* **Task details**
Your response should be the complete data, transcribed exactly.

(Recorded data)
*****

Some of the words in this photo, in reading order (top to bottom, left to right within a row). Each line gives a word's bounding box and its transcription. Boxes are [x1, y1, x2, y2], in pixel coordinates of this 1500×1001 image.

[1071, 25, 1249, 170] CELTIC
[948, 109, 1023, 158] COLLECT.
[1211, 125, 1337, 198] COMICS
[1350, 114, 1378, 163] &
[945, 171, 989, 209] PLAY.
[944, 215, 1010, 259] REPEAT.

*****

* **Task output**
Some of the words in this photo, in reading order (top to bottom, left to right within a row). Each line gives a word's bounding box and its transcription. Boxes are [x1, y1, x2, y2], in pixel coordinates of this 1500×1001 image.

[1071, 25, 1249, 170] CELTIC
[948, 109, 1023, 158] COLLECT.
[1211, 125, 1337, 198] COMICS
[1350, 114, 1378, 163] &
[945, 171, 989, 209] PLAY.
[944, 215, 1010, 259] REPEAT.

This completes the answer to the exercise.